There is a big scandal brewing at the Veterans Affairs Office. According to the VA's inspector general, $24 million in bonuses has been paid to thousands of technology office employees for the past two years. There are also allegations of nepotism in the technology office.

Bonuses to high-level VA employees for the past two years included sums of $73,000, $59,000 and $58,000. In all, 4,700 VA employees received a bonus in 2007. The average bonus was $2,500. A now-retired VA official, Jennifer S. Duncan, received $60,000 in bonuses herself and engaged in nepotism, claims the VA inspector general. Other VA employees, the report charges, paid college tuition for other employees.

Why are bonuses being handed out like candy at the VA? Bureaucrats playing around with taxpayers' money is, unfortunately, nothing new. However, what makes this particular corruption so outrageous is that while the VA has been tossing our tax dollars to each other, many veterans, including wounded ones seeking disability checks they earned on battlefields, have been left waiting for their checks.

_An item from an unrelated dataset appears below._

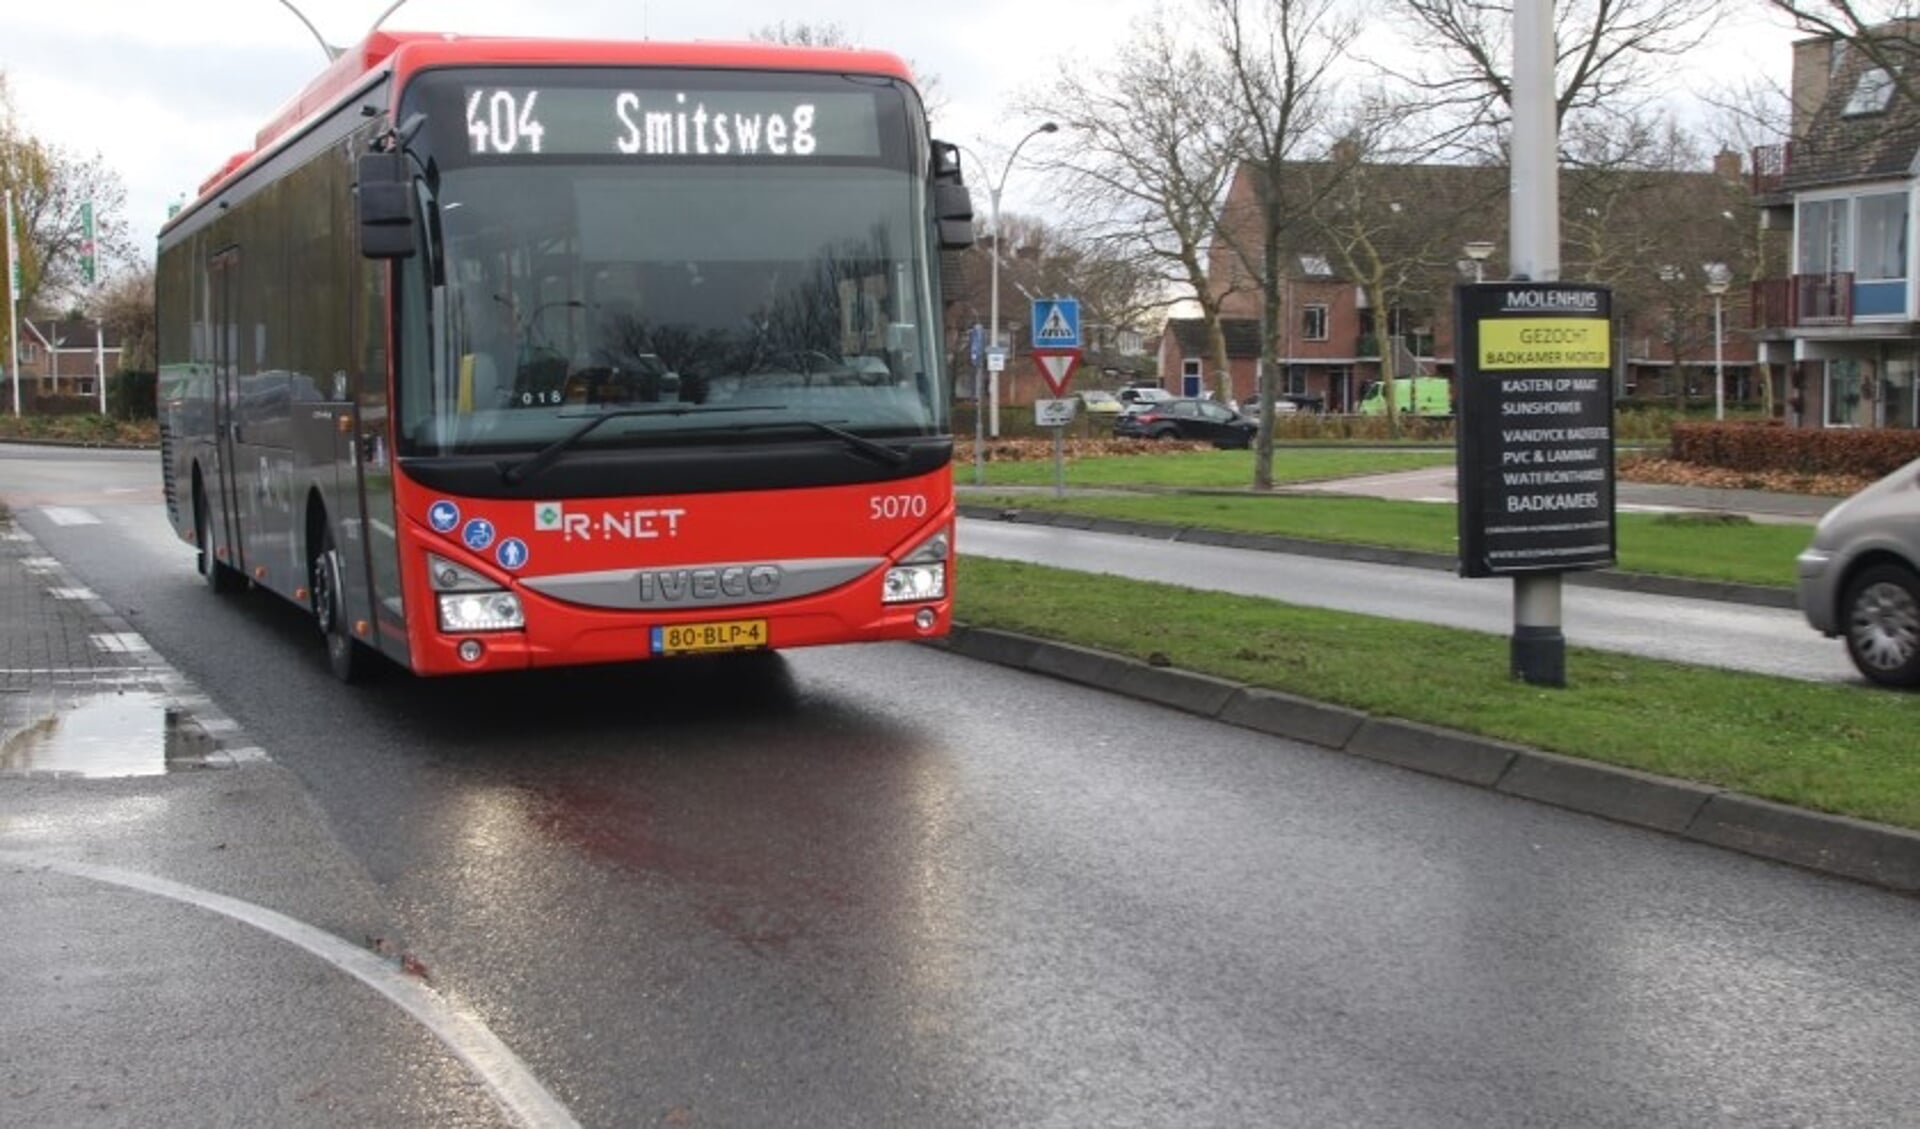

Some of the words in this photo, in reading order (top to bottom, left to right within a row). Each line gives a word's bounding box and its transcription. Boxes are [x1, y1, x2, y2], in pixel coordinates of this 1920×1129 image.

The VA's technology office, where the alleged corruption has occurred, has been charged by President Barack Obama to improve its information technology so that a current backlog of disability checks can be eliminated. The administration wants checks to be issued seamlessly and without delay.

As we mentioned, so far that has not happened. Many disabled vets have been waiting months for their delayed checks. How disgusting that the VA office entrusted with helping our vets spent a considerable amount of energy handing money to each other.

This isn't the first time the VA has slapped obscenely large, unearned bonuses to employees. In 2006, VA employees received $3.8 million in bonus checks.

Apparently nothing was learned from that incident of greed. It is frustrating to witness so many cases of persons entrusted with our tax dollars spending recklessly or greedily filling their own coffers. Look at the health care debate, where Big Pharma fills pols' campaign coffers with hundreds of billions of dollars and wins such cost-busting concessions as long delays before super-expensive medications can go generic in the U.S.

Members of Congress have promised an investigation into the VA's latest financial shenanigans. We hope they do a thorough job and that it leads to the VA cleaning up its operations. A better emphasis on getting checks to vets and an end to bonuses would be a great start.